Task description
Return the stretch from the line with "this 1386×1386 image." through the line with "this 1344×1512 image." in the data below, character for character, skipping all pictures.

(Stored entries)
============================================================

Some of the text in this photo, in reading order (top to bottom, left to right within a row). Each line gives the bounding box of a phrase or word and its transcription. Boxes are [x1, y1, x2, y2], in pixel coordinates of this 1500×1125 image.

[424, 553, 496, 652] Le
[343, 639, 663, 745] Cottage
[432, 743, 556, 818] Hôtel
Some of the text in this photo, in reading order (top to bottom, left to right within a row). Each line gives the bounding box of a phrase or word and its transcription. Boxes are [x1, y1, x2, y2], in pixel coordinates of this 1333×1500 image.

============================================================

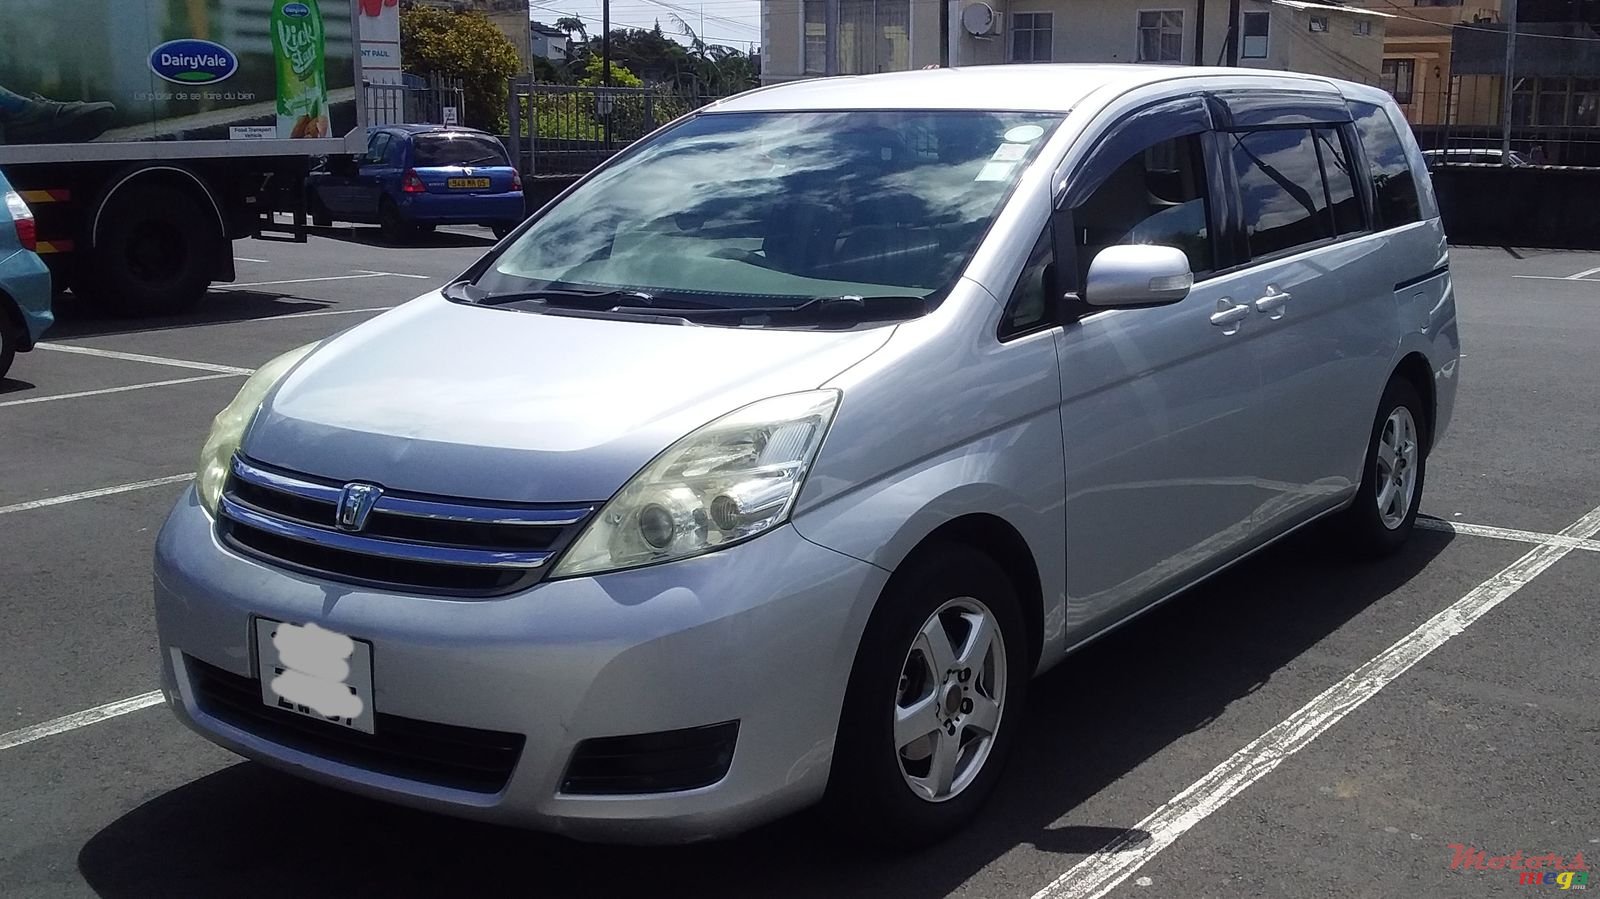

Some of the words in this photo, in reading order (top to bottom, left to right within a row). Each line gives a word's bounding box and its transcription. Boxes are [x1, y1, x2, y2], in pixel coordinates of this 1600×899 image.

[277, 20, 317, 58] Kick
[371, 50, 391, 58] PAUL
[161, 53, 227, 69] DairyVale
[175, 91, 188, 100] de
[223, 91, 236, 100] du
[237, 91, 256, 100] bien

============================================================

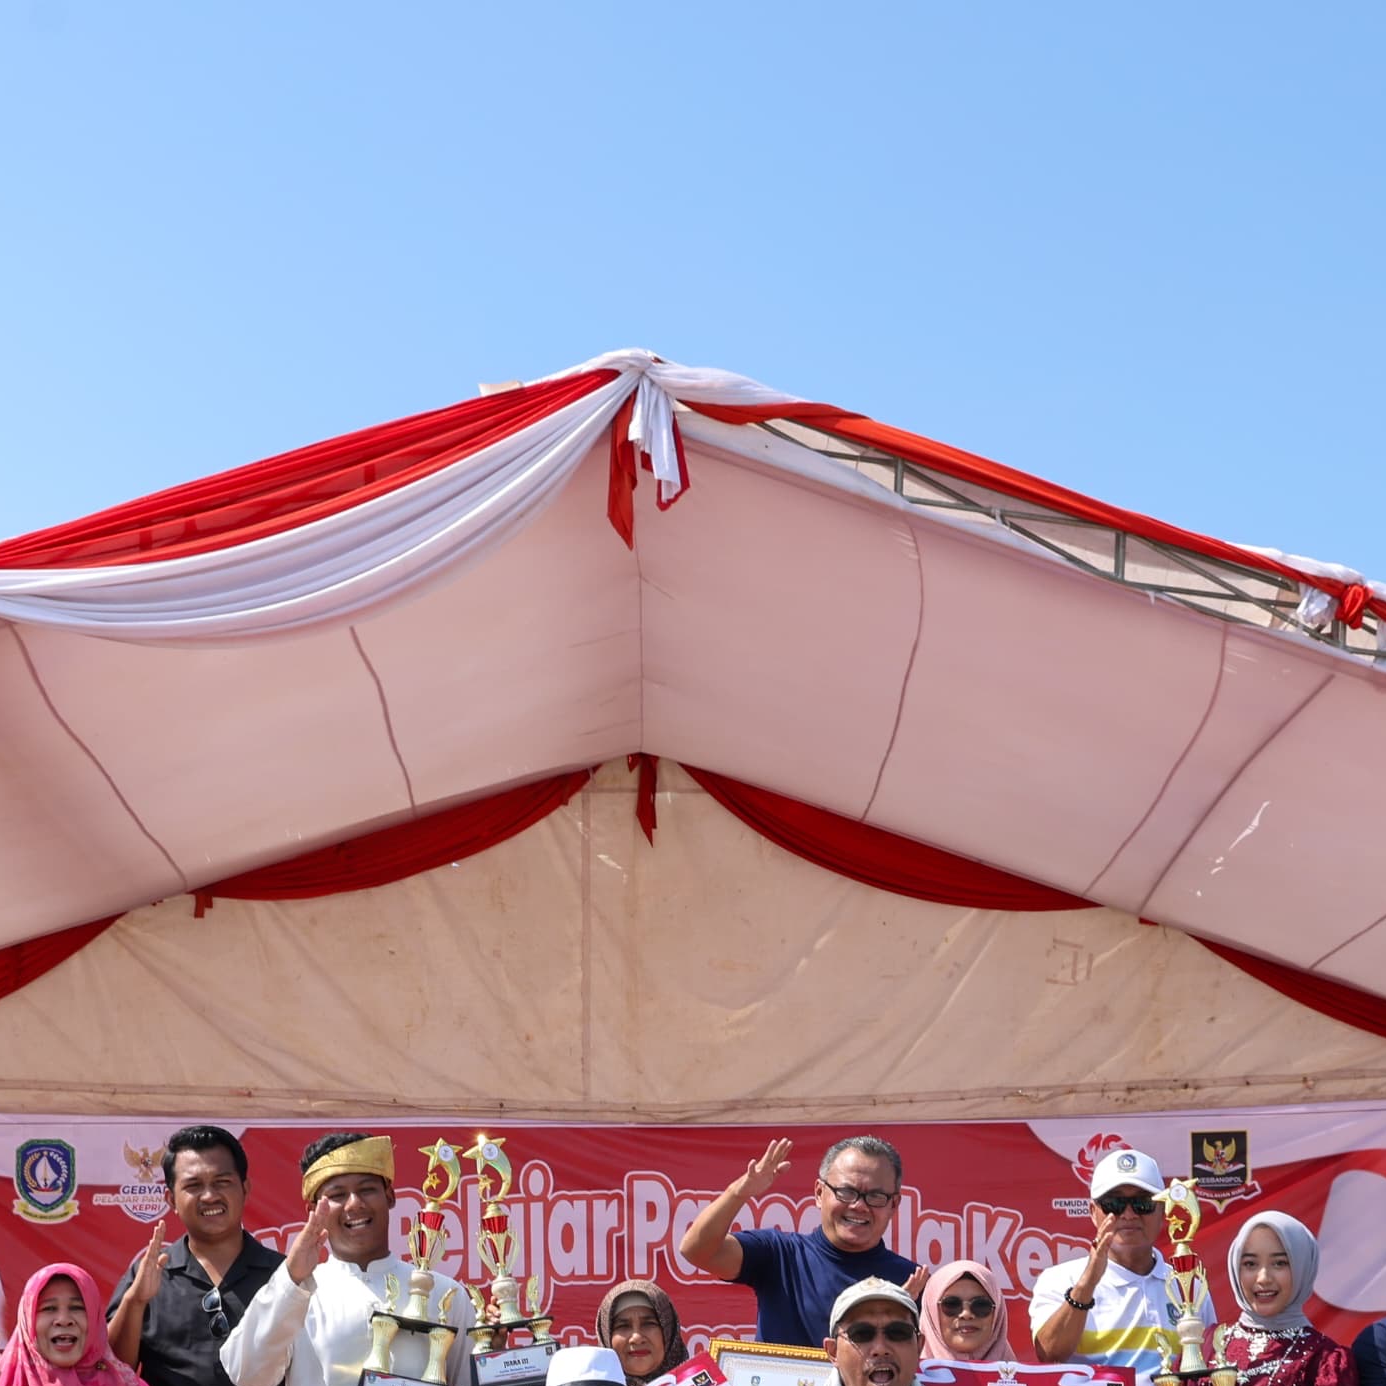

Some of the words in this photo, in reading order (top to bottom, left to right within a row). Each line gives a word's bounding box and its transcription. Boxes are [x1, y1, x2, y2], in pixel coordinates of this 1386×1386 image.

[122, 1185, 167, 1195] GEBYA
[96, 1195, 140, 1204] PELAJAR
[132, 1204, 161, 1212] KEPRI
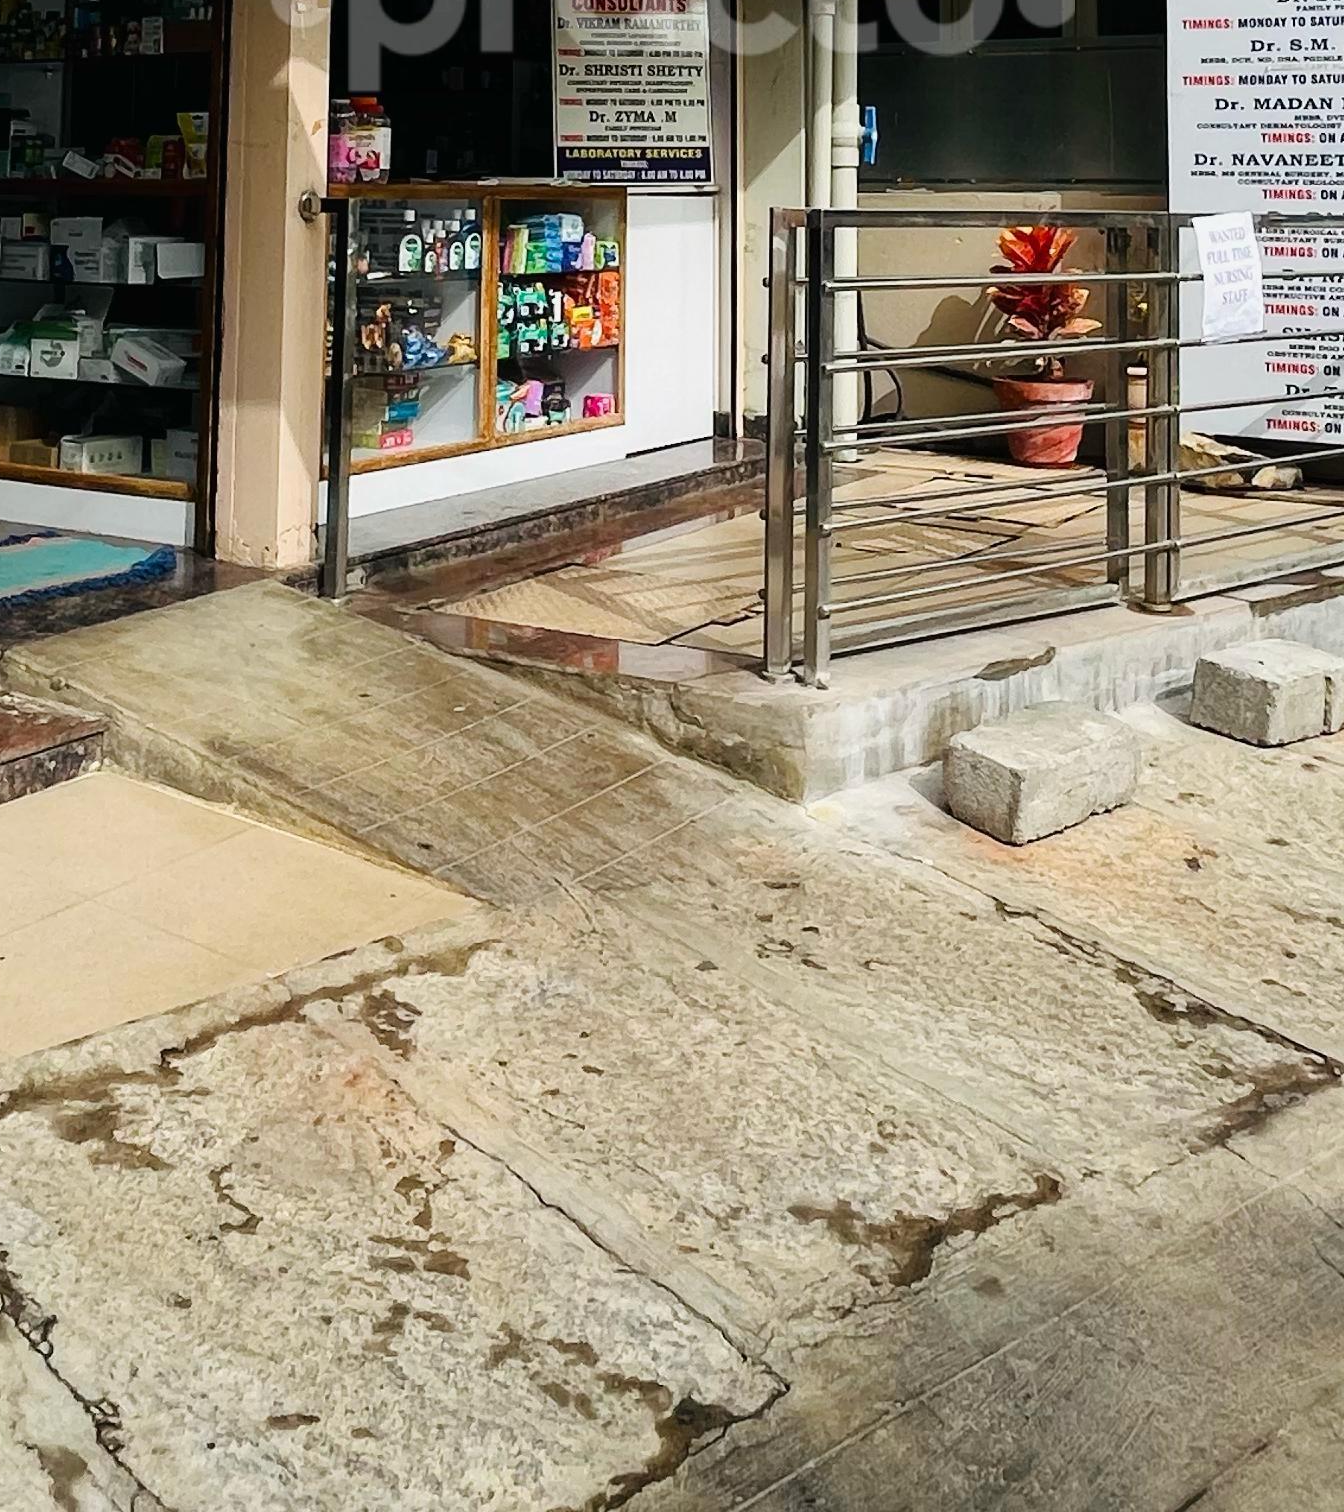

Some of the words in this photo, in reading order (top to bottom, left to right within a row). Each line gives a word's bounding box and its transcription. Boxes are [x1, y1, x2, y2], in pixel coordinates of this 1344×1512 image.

============================================================

Answer box
Some of the words in this photo, in reading order (top to bottom, left to right within a row). Each line gives a word's bounding box and its transcription. Boxes are [x1, y1, x2, y2], in pixel coordinates of this 1386×1386 image.

[122, 1185, 167, 1195] GEBYA
[96, 1195, 140, 1204] PELAJAR
[132, 1204, 161, 1212] KEPRI

Some of the words in this photo, in reading order (top to bottom, left to right within a row). Each line gives a word's bounding box and its transcription. Boxes are [x1, y1, x2, y2], in pixel coordinates of this 1344×1512 image.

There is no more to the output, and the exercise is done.